I was curious to try different types of Asian noodles this week. I found three types in particular, udon, soba and ramen. Udon noodles are made of wheat, usually thick and chewy. Soba noodles are made of buckwheat, usually have a nutty flavor. Ramen noodles are made of wheat, usually thinner and chewy. This recipe uses udon noodles with a classic Asian green, Bok Choy, which is a type of Chinese cabbage, found at many Asian and now American grocers. And of course an egg goes well with everything. IMG_1946 (1).JPG

Ingredients:

3 cups chicken broth

1 stick whole cinnamon

2 large eggs

1 packet of dried udon noodles

4 large bok choy leaves, torn to smaller pieces

Handful of spring onions, thinly sliced for topping

3 tablespoons soy sauce

1 teaspoon ginger paste

1 teaspoon rice vinegar

Directions:

In a medium saucepan bring chicken broth to a simmer.
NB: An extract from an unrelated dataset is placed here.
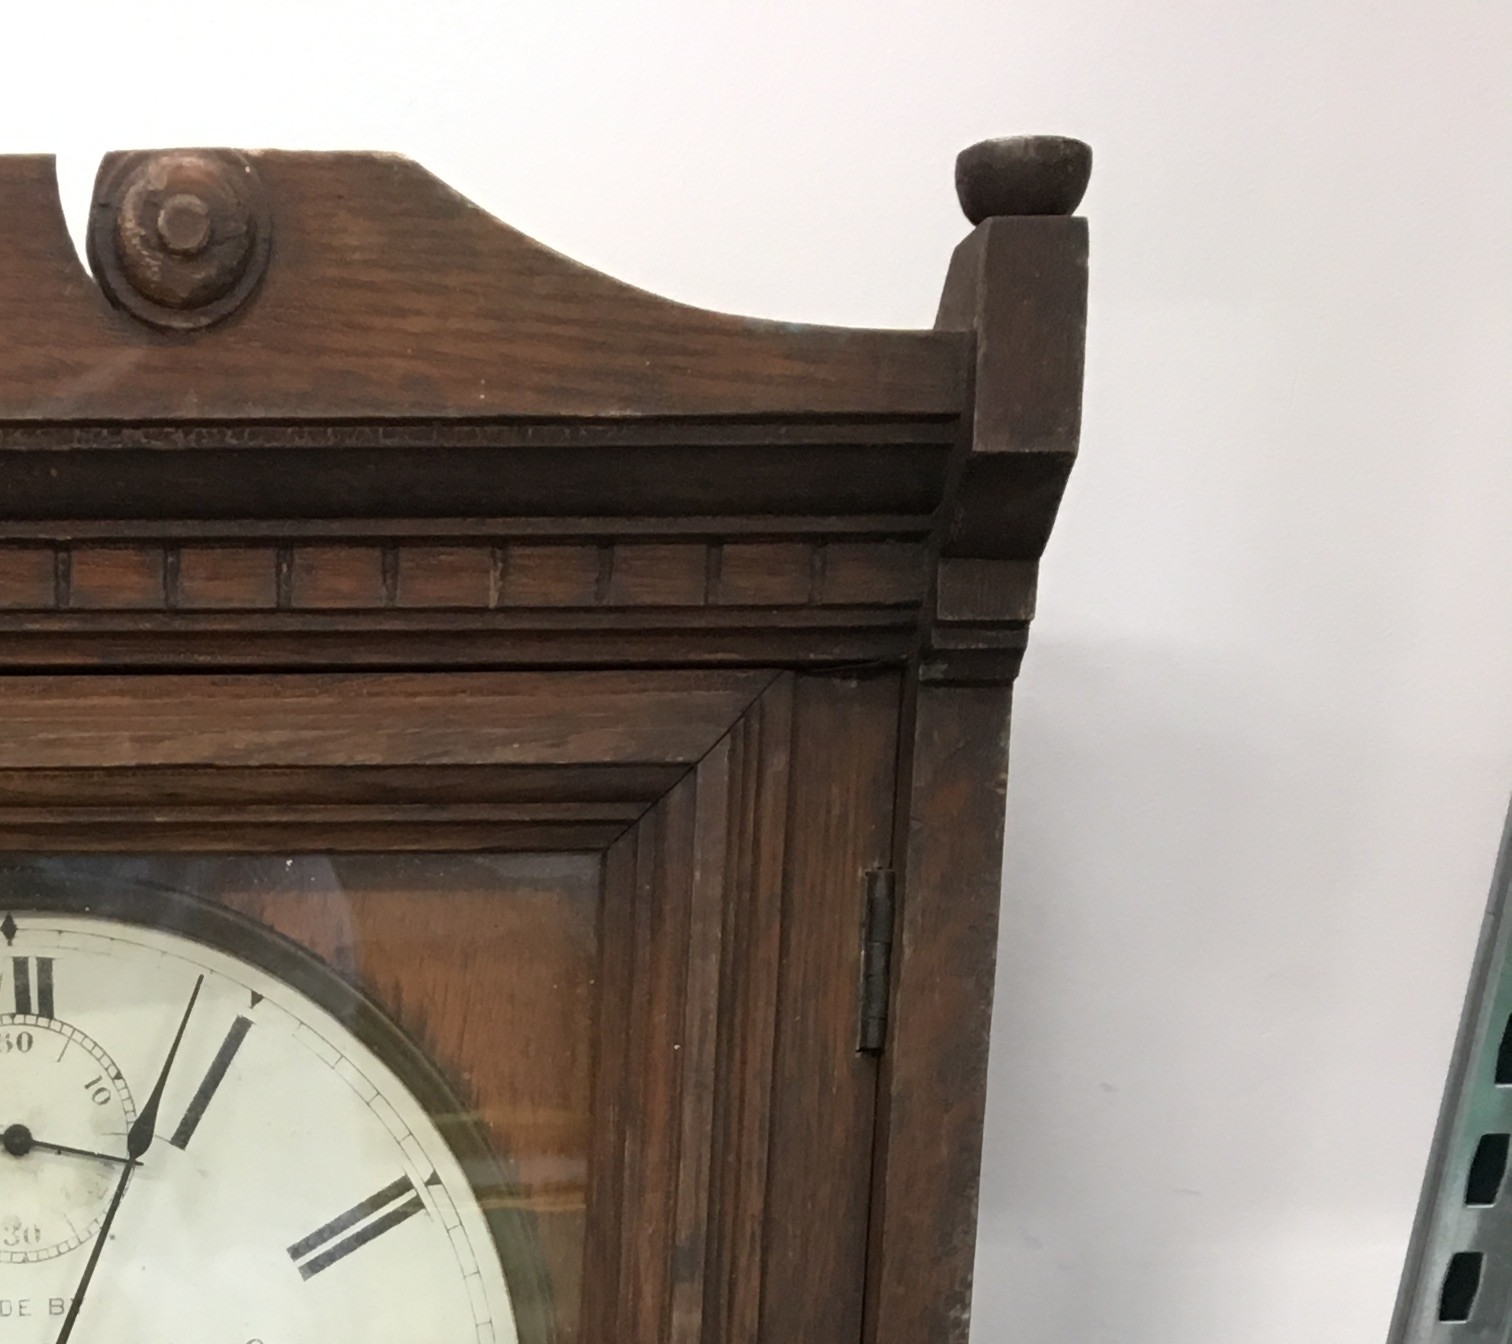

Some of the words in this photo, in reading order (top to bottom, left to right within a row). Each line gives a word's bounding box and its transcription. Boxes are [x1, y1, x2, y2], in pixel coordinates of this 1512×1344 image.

Add the cinnamon, ginger paste, rice vinegar, soy sauce and simmer for 5 minutes. Crack the eggs into a measuring cup and slip them into the simmering broth, one at a time and cook for 2 minutes. Add the bok choy and udon noodles for additional 2 minutes. Stir gently to avoid breaking the eggs. Wait for the noodles to be ready and then transfer to a bowl. If you like your eggs more runny on the inside then take them out earlier. Add the spring onions. Add more soy sauce as needed. Enjoy!